§ **Supplied records**
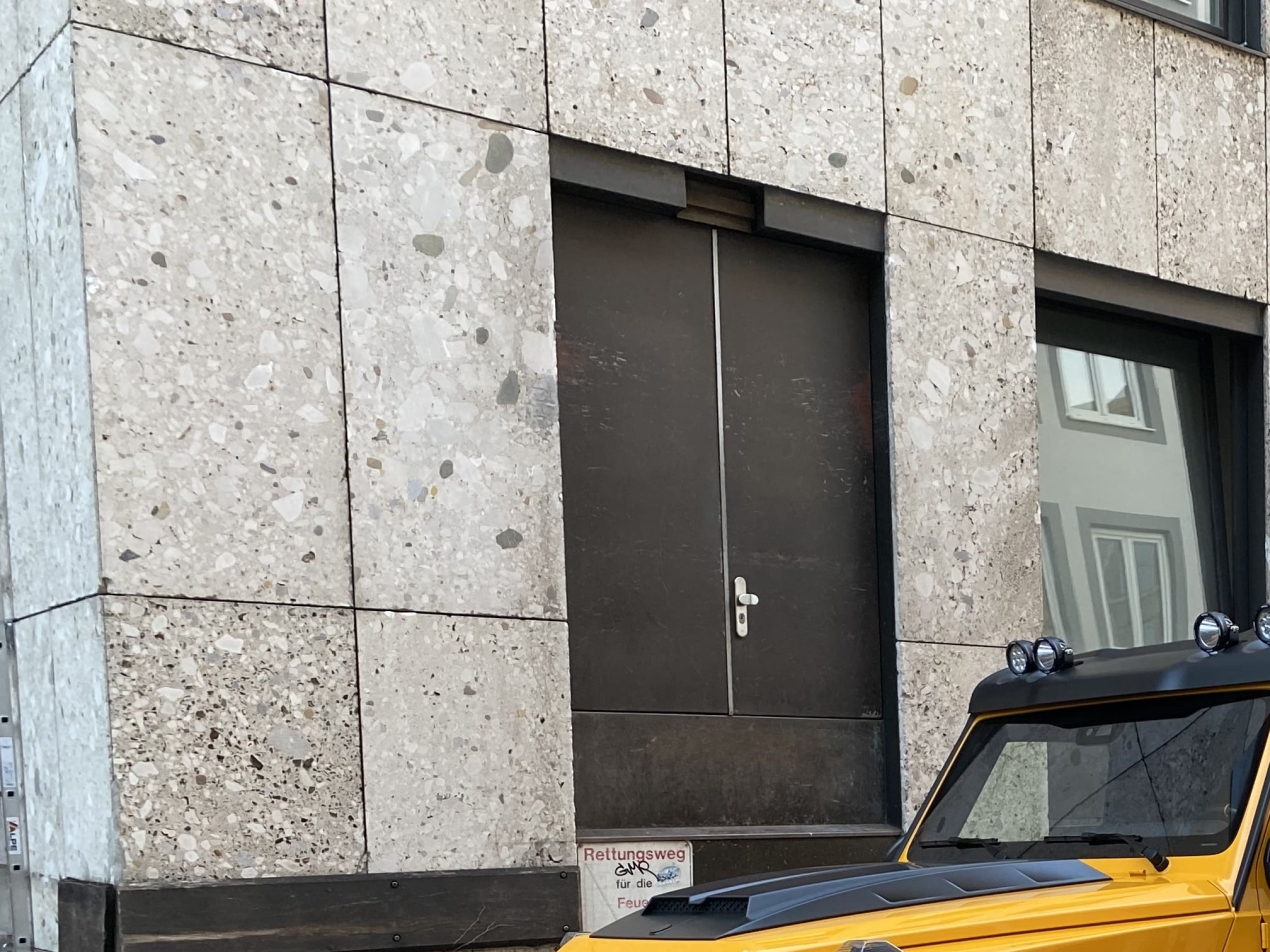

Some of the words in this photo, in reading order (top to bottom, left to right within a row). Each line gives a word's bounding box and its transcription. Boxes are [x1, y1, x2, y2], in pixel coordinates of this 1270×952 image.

[584, 847, 686, 862] Rettungsweg
[616, 879, 631, 889] für
[636, 878, 653, 888] die
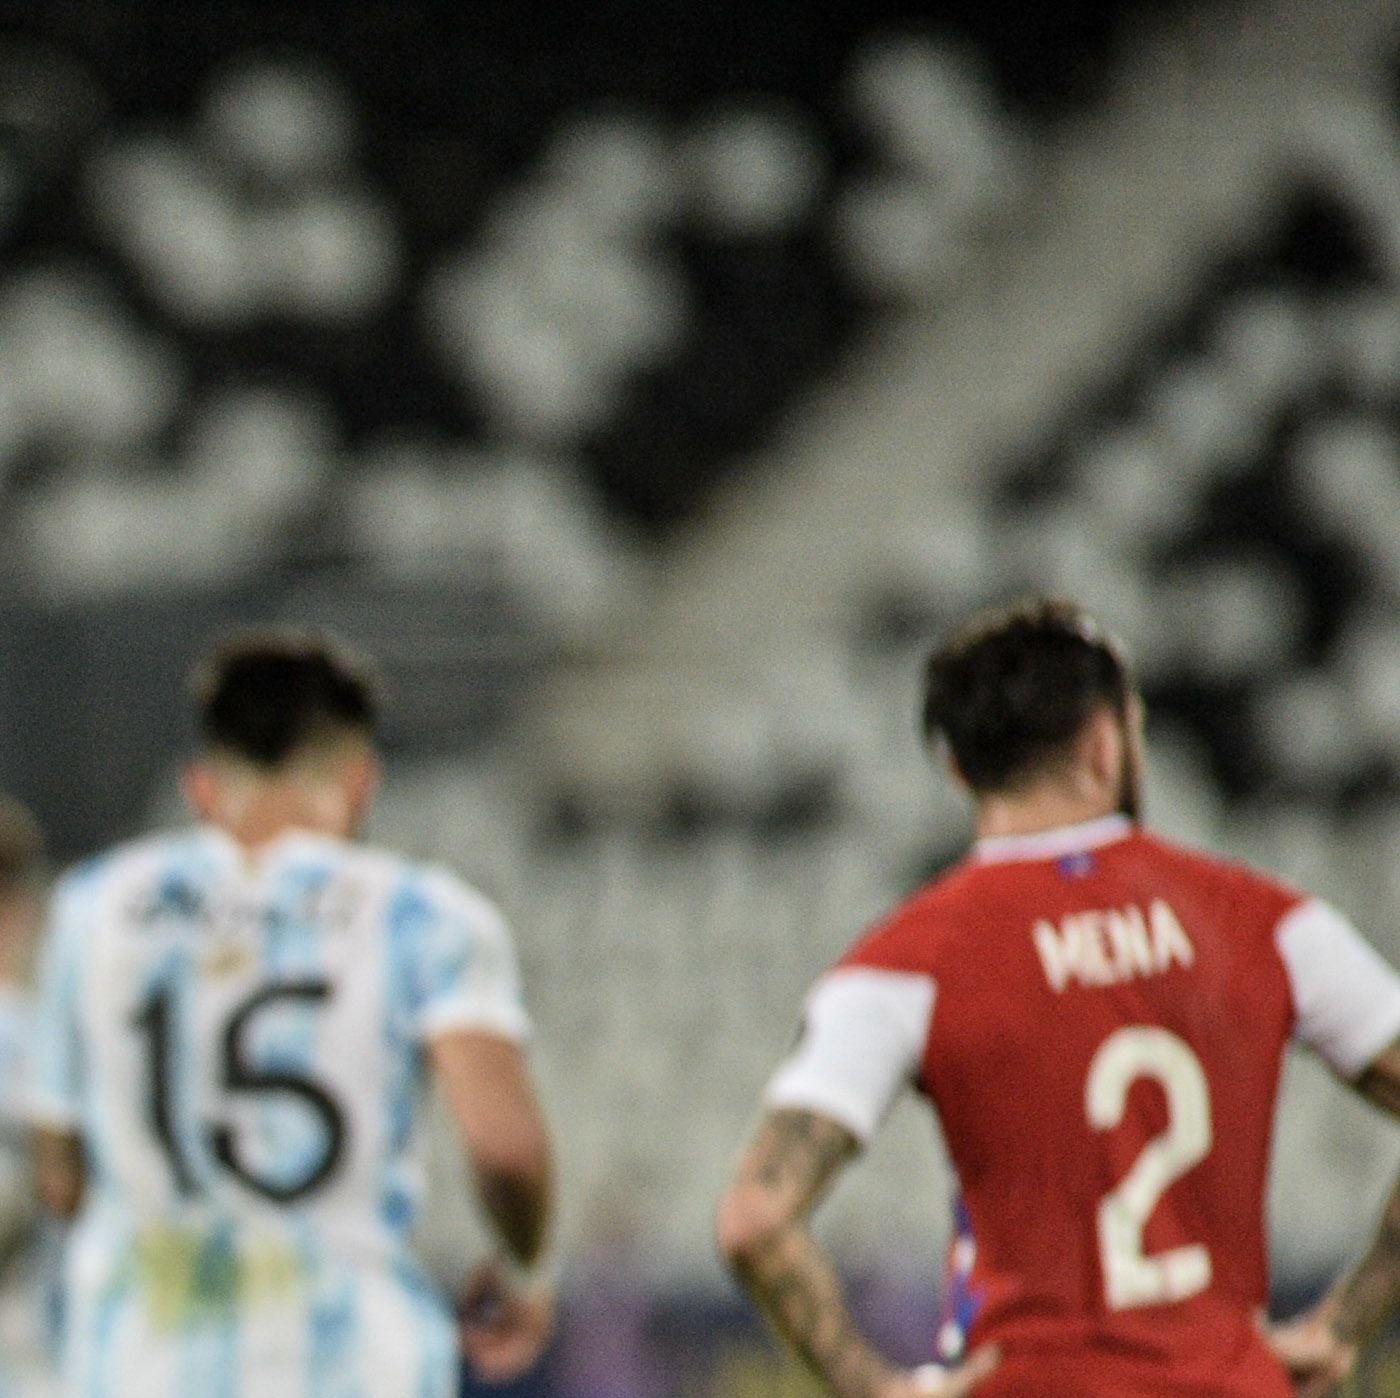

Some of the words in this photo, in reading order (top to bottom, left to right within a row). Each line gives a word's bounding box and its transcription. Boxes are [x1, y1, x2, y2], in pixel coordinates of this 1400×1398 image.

[1032, 898, 1196, 993] MENA
[126, 975, 348, 1206] 15
[1084, 1026, 1214, 1309] 2

§ **Task to complete**
With the pictures removed, write the listing out word for word.

§ **Task solution**
Some of the words in this photo, in reading order (top to bottom, left to right within a row). Each line gives a word's bounding box and its transcription. Boxes are [x1, y1, x2, y2], in pixel coordinates of this 1270×952 image.

[584, 847, 686, 862] Rettungsweg
[616, 879, 631, 889] für
[636, 878, 653, 888] die

Some of the words in this photo, in reading order (top to bottom, left to right within a row). Each line gives a word's bounding box and its transcription. Boxes are [x1, y1, x2, y2], in pixel coordinates of this 1400×1398 image.

[1032, 898, 1196, 993] MENA
[126, 975, 348, 1206] 15
[1084, 1026, 1214, 1309] 2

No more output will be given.